Security restrictions bypass in postgresql (Alpine package)

1) Security restrictions bypass

EUVDB-ID: #VU12652

Risk: Medium

CVSSv3.1: 8.3 [CVSS:3.1/AV:N/AC:L/PR:L/UI:N/S:C/C:N/I:H/A:H/E:U/RL:O/RC:C]

CVE-ID: CVE-2018-1115

CWE-ID: CWE-284 - Improper Access Control

Exploit availability: No

Description

The vulnerability allows a remote authenticated attacker to bypass security restrictions on the target system.

The weakness exists in the pg_catalog.pg_logfile_rotate() function due to improper Access Control List (ACL) restrictions as it does not follow the same ACLs as the pg_rorate_logfile function.
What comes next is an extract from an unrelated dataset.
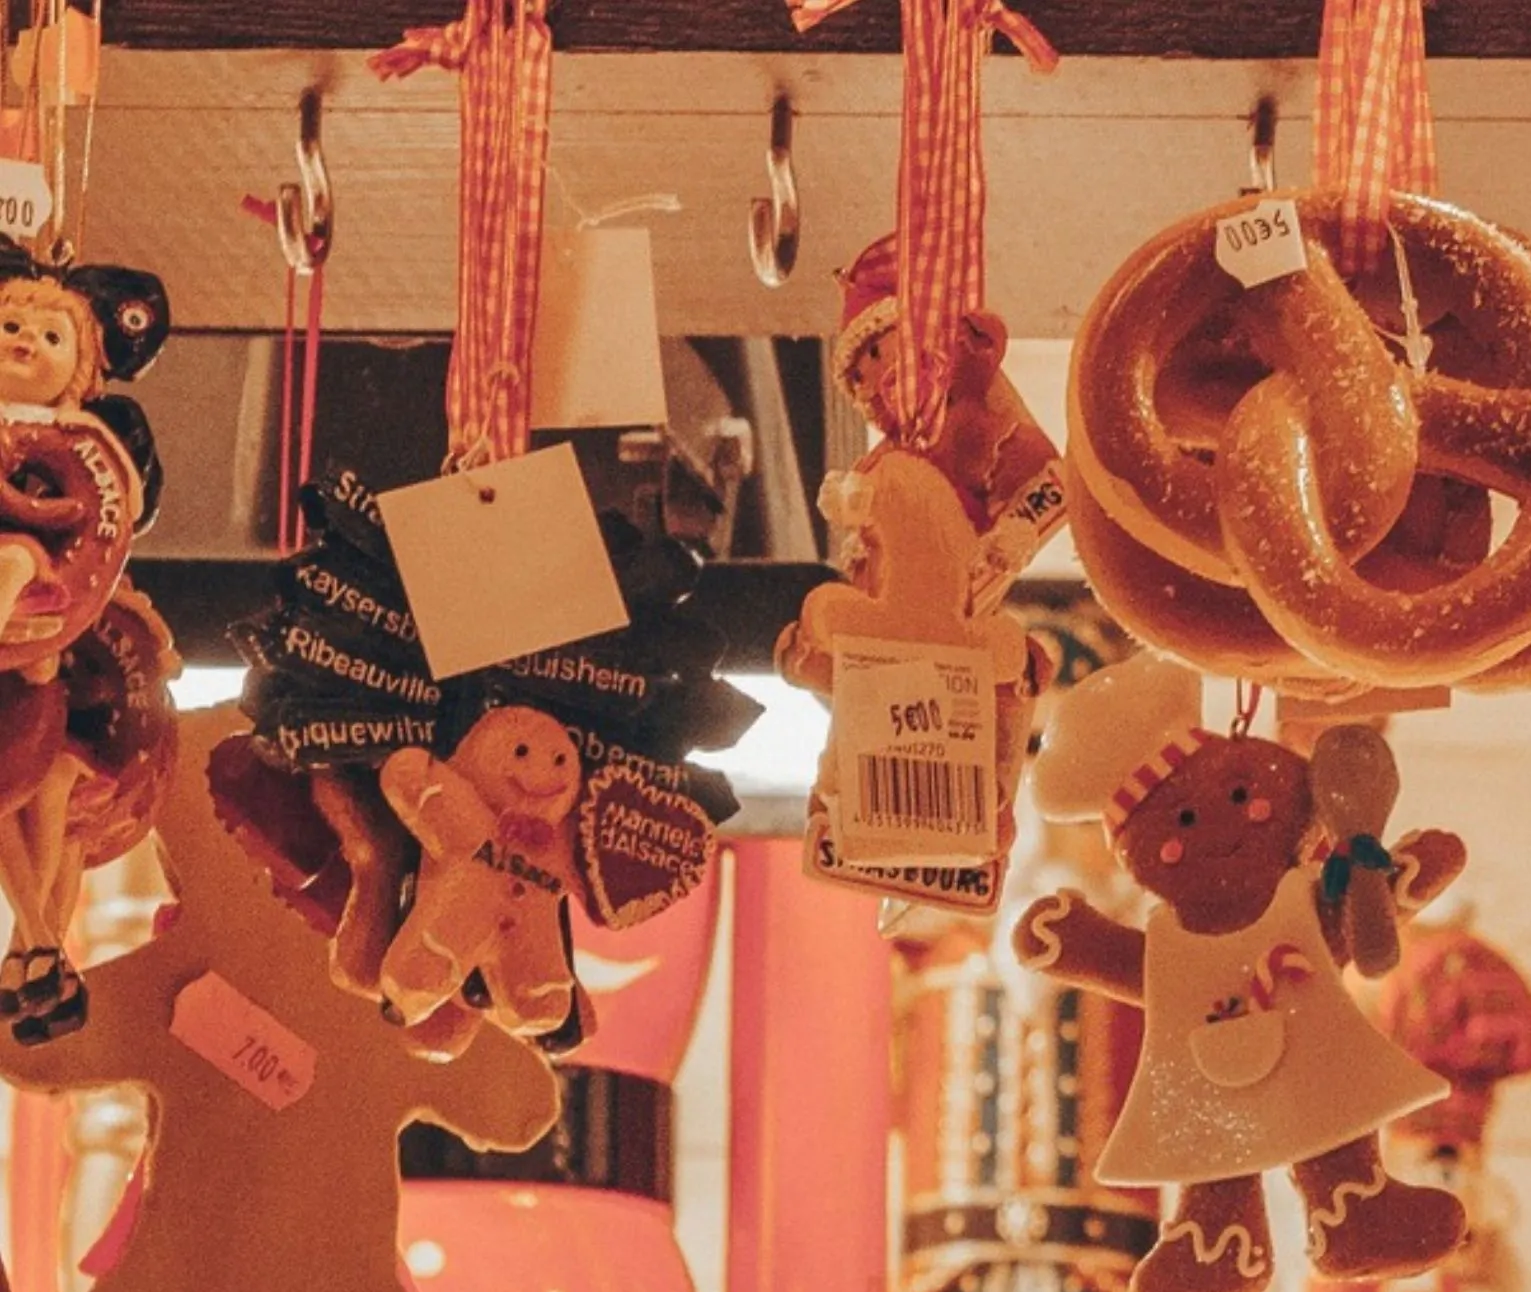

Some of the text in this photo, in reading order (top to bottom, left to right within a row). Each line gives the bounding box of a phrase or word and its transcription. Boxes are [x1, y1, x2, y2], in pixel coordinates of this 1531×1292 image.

[0, 197, 34, 228] 00
[73, 440, 121, 540] ALSACE
[500, 652, 647, 699] guisheim
A remote attacker can connect to the database and cause the target software to force log rotation, write log messages across arbitrary log files or cause the service to crash.

Mitigation

Install update from vendor's website.

Vulnerable software versions

postgresql (Alpine package): 9.5.12-r0

External links

http://git.alpinelinux.org/aports/commit/?id=5600c80ab97b0bed725ec1c24f981a765e54593b
http://git.alpinelinux.org/aports/commit/?id=2b95c8929982c3ff86b48ffe921cf9ddff6aeebd
http://git.alpinelinux.org/aports/commit/?id=5f580c412de14f7329bf77293a1c8bbce8a74d48
http://git.alpinelinux.org/aports/commit/?id=142c9bf9b9b11c11bea7ddc0a791738c9e17bb38
http://git.alpinelinux.org/aports/commit/?id=2d38d79dfbb716fae92d25e4a7d70bbe1ff09a57
http://git.alpinelinux.org/aports/commit/?id=9413330e55d1431c18c7df8b66ad98cdc9d278c7
http://git.alpinelinux.org/aports/commit/?id=a1b0125ba4bfed27de55787fb462438f34f6d51f
http://git.alpinelinux.org/aports/commit/?id=03383fc4a15bcefe41c79e58cabf62f2bb52e006

Q & A

Can this vulnerability be exploited remotely?

Yes. This vulnerability can be exploited by a remote authenticated user via the Internet.

Is there known malware, which exploits this vulnerability?

No. We are not aware of malware exploiting this vulnerability.